Maria Firmina, mulher negra, nascida no Maranhão, constrói em Úrsula uma narrativa romântica para falar das violências sociais oriundas da escravidão. O livro gira em torno de Tancredo e Úrsula, dois jovens, puros e sonhadores. Ambas as personagens têm a vida marcada por perdas e decepções familiares. Logo eles se apaixonam. Entretanto, ao logo da narrativa, eles se deparam com algumas barreiras para concretizar seu amor.
A história tem um ritmo novelesco bastante romântico, gênero muito comum no século 19, mas que ao mesmo tempo traz uma abordagem crítica à escravidão. Úrsula é um dos primeiros romances brasileiros de autoria feminina, datado de 1859. O romance dá voz e protagonismo a personagens escravizados e é visto como a obra inaugural da literatura afro-brasileira.

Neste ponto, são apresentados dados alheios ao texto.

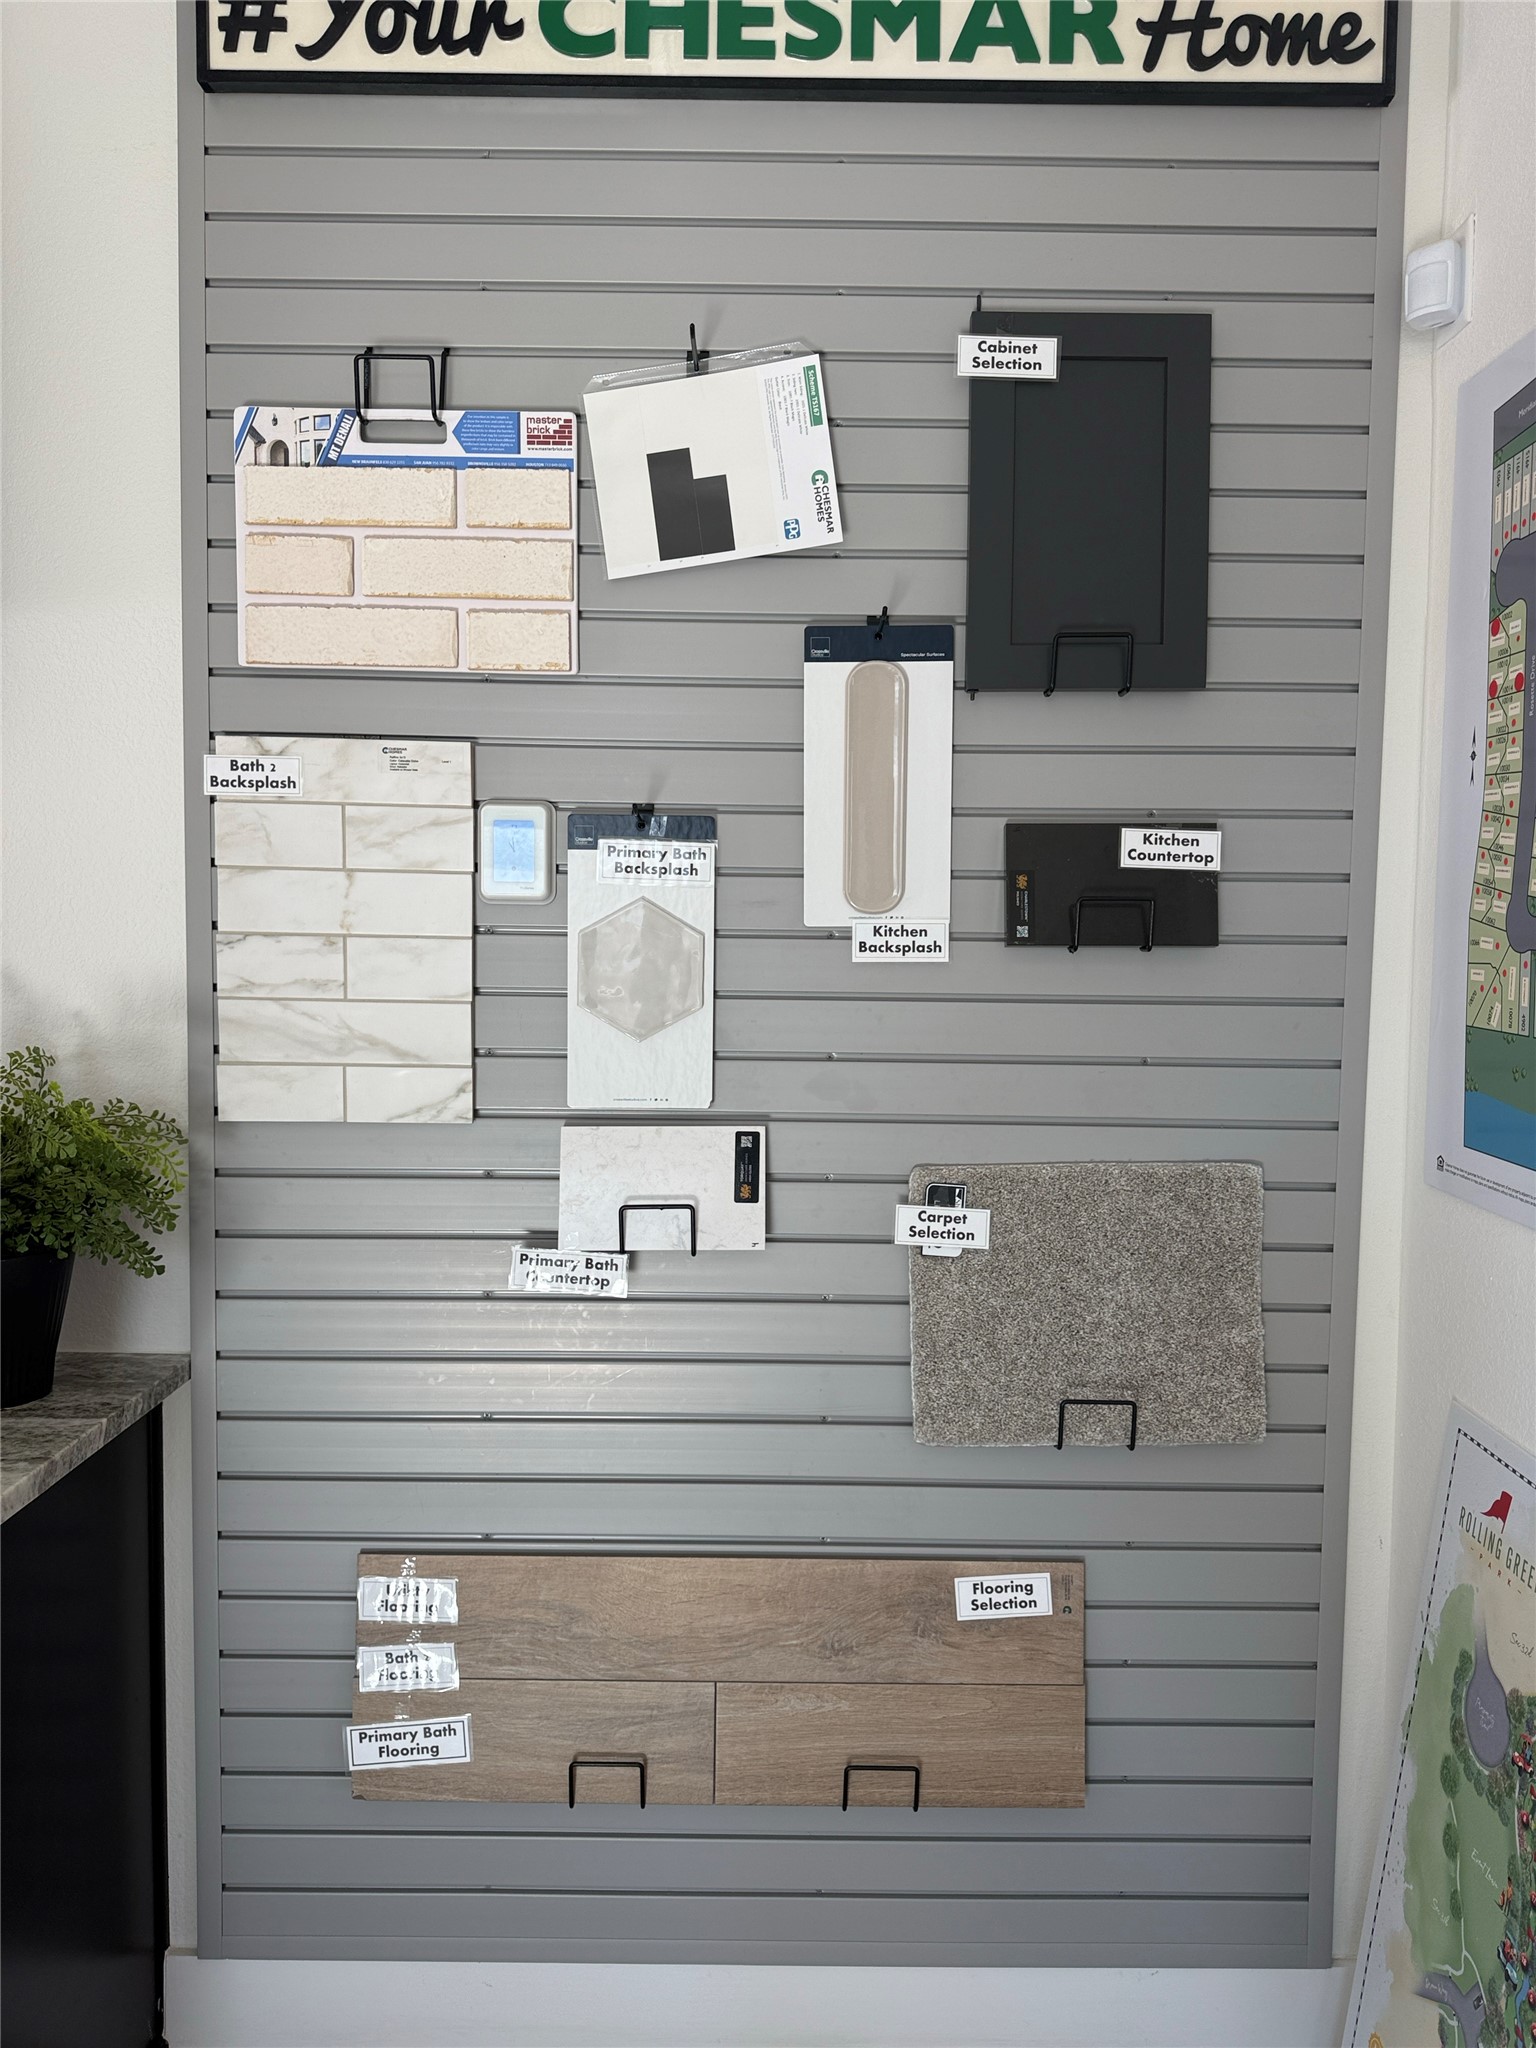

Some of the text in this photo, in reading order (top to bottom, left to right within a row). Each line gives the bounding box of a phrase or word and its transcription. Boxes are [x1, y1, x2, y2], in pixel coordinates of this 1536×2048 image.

[538, 0, 1125, 64] CHESMAR
[1136, 0, 1376, 72] Home
[977, 340, 1038, 354] Cabinet
[972, 356, 1042, 371] Selection
[808, 370, 820, 416] Scheme TS167
[526, 416, 562, 424] master
[328, 414, 354, 460] MT DENALI
[526, 424, 550, 434] brick
[814, 486, 825, 522] HOMES
[822, 485, 834, 534] CHESMAR
[230, 759, 276, 772] Bath 2
[210, 775, 297, 792] Backsplash
[1143, 832, 1200, 847] Kitchen
[607, 845, 706, 862] Primary Bath
[1127, 848, 1214, 867] Countertop
[614, 862, 698, 878] Backsplash
[873, 924, 928, 937] Kitchen
[858, 940, 942, 956] Backsplash
[918, 1210, 968, 1226] Carpet
[908, 1226, 975, 1241] Selection
[520, 1253, 619, 1272] Primary Bath
[526, 1270, 610, 1290] Cntertop
[1458, 1506, 1536, 1594] ROLLING GREE
[972, 1580, 1034, 1596] Flooring
[971, 1596, 1037, 1611] Selection
[385, 1650, 418, 1664] Bath
[358, 1724, 457, 1744] Primary Bath
[378, 1743, 440, 1758] Flooring

Além disso, o livro traz também a representação de homens autoritários, dando um panorama contundente sobre o sistema patriarcal e senhorial da época. De fato, a curadoria da Flip acertou na escolha de Maria Firmina, não só por sua qualidade enquanto escritora mas também porque demonstra uma maturidade curatorial, além de aproximar o público e o mercado editorial de outras narrativas que historicamente foram excluídas e silenciadas.
Essa Flip promete!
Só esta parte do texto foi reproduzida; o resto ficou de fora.